Mr X complained that the Student Loans Company (“the SLC”) failed to inform him that he was not eligible for funding for a tuition fee loan for the 2014-15 academic year in a reasonable and timely manner.  He said that the SLC incorrectly asked him for evidence of his personal circumstances in 2015-16 when he was not entitled to additional funding, and did not tell Mr X that his position was such that he would not be entitled to that funding in a reasonable and timely manner.  Mr X also complained that the SLC did not handle his complaint in a reasonable and timely way.

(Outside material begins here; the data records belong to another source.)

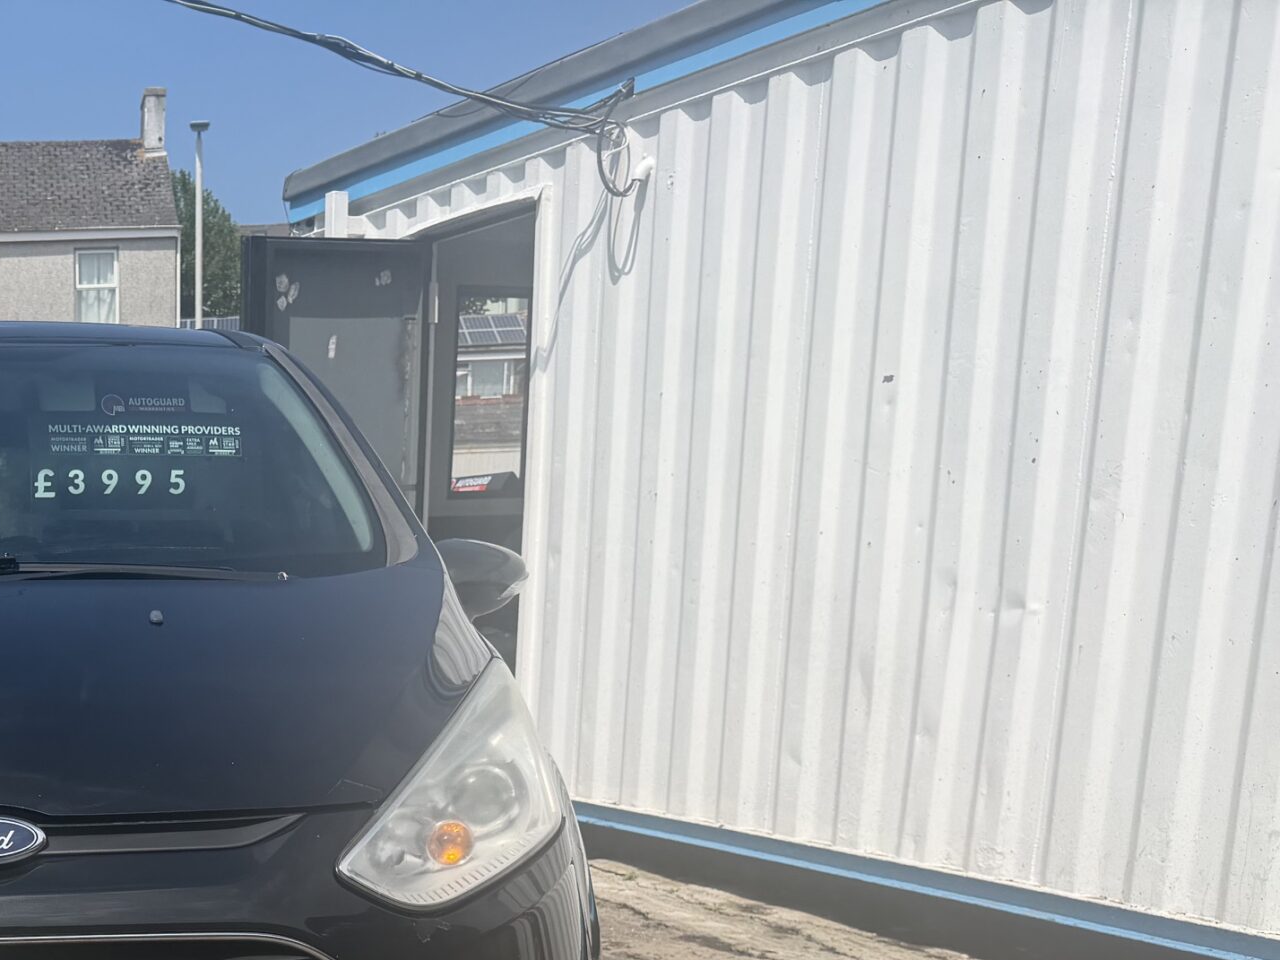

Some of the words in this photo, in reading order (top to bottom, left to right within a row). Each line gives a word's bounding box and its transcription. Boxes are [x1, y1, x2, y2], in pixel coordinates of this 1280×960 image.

[128, 398, 185, 407] AUTOGUARD
[48, 424, 127, 434] MULTI-AWARD
[127, 424, 179, 435] WINNING
[181, 426, 241, 436] PROVIDERS
[51, 444, 88, 453] WINNER

The investigation found that the SLC failed to inform Mr X that he was not eligible for a tuition fee loan for 2014-15 in a reasonable way.  It found that it should have been known from December 2014 that Mr X was not eligible for a loan, but this was not properly communicated to Mr X until after he had incurred fees for the full academic year, leaving him in considerable debt.  The investigation also found that the SLC knew from October 2015 that Mr X would not ever be entitled to additional funding due to his personal circumstances in 2015-16, but that the SLC continued to ask for information about Mr X’s personal circumstances, and even (wrongly) granted his application for additional funding, until February 2017, almost 18 months later.  This, on top of the debt burden Mr X had already incurred, caused him considerable stress.

The investigation also found that the complaints process had taken almost 2 years, of which a significant amount was attributable to the SLC and an Independent Assessor appointed by the Welsh Government.  It also found that the SLC and the Welsh Government’s complaint handling process was confusing, noting that the Independent Assessor completed a Stage Three report into Mr X’s complaint, but then had to issue an addendum report and an apology for referring to incorrect Regulations.  This was stressful and confusing for Mr X, and unfairly raised his expectations that he was entitled to funding, only for him to be disappointed again when the position was clarified.

The SLC accepted the findings of the investigation, and agreed to apologise to Mr X, and pay him £250 redress for the poor complaints handling and £250 for requiring him to enter into unnecessary correspondence regarding his personal circumstances when it knew he was not entitled to funding.  The Ombudsman also recommended that the SLC satisfy the debt Mr X had incurred to his University between December 2014 and June 2015 (which he was not properly advised he was incurring), and instead arrange for Mr X to pay the debt back to the SLC on the usual terms and conditions which apply when SLC funding is granted.  This would ensure Mr X was in no worse a position than he would have been in had the failings not occurred.

The SLC said that it had already commissioned a review of its complaint handling processes, and was in the process of working with the different UK administrations to implement changes.  The Ombudsman recommended that as part of the review of its complaint process it should take on board the issues raised by this complaint.

The Welsh Government also agreed to work with the SLC to review the complaints handling process applicable to students in Wales and to work with the Ombudsman’s office to ensure that it complies with the Principles of Good Complaint Handling and any model complaint handling process the Ombudsman issues in his capacity as the Complaints Standards Authority for Wales.